-------- Task data

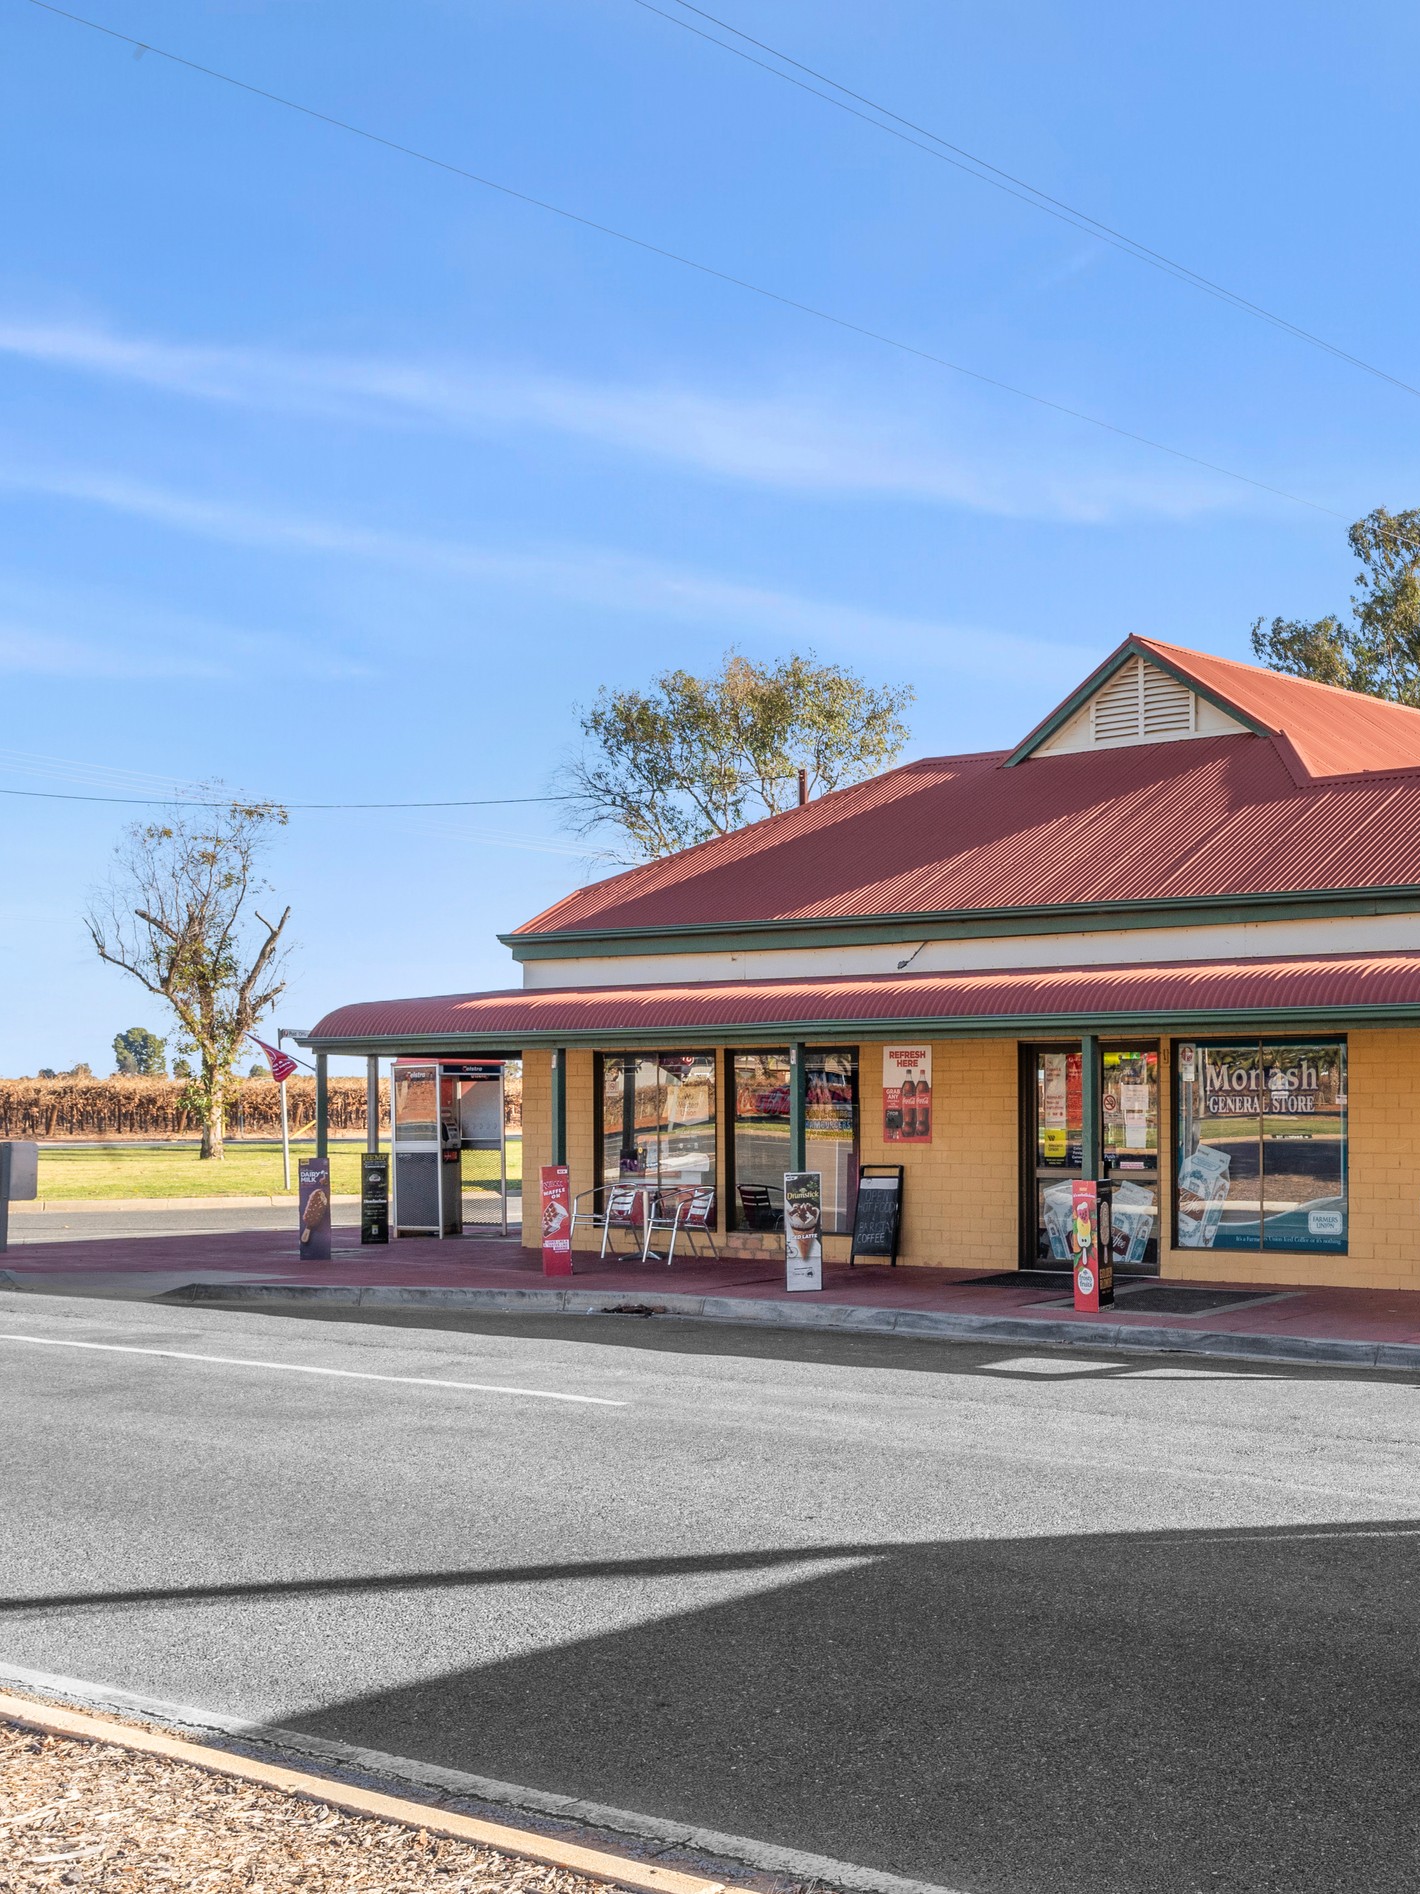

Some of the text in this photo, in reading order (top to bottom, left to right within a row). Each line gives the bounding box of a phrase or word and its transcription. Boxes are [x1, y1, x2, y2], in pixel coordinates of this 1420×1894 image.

[889, 1051, 926, 1059] REFRESH
[1206, 1060, 1319, 1091] Monash
[1209, 1096, 1316, 1114] GENERAL STORE
[543, 1187, 566, 1196] WAFFLE
[787, 1191, 819, 1200] Drumstick
[856, 1232, 885, 1244] COFFEE

----------------

What belongs in the answer is each line above, reproduced exactly, and no picture.

### Answer section
Some of the text in this photo, in reading order (top to bottom, left to right within a row). Each line gives the bounding box of a phrase or word and its transcription. Boxes are [x1, y1, x2, y2], in pixel coordinates of this 1420×1894 image.

[889, 1051, 926, 1059] REFRESH
[1206, 1060, 1319, 1091] Monash
[1209, 1096, 1316, 1114] GENERAL STORE
[543, 1187, 566, 1196] WAFFLE
[787, 1191, 819, 1200] Drumstick
[856, 1232, 885, 1244] COFFEE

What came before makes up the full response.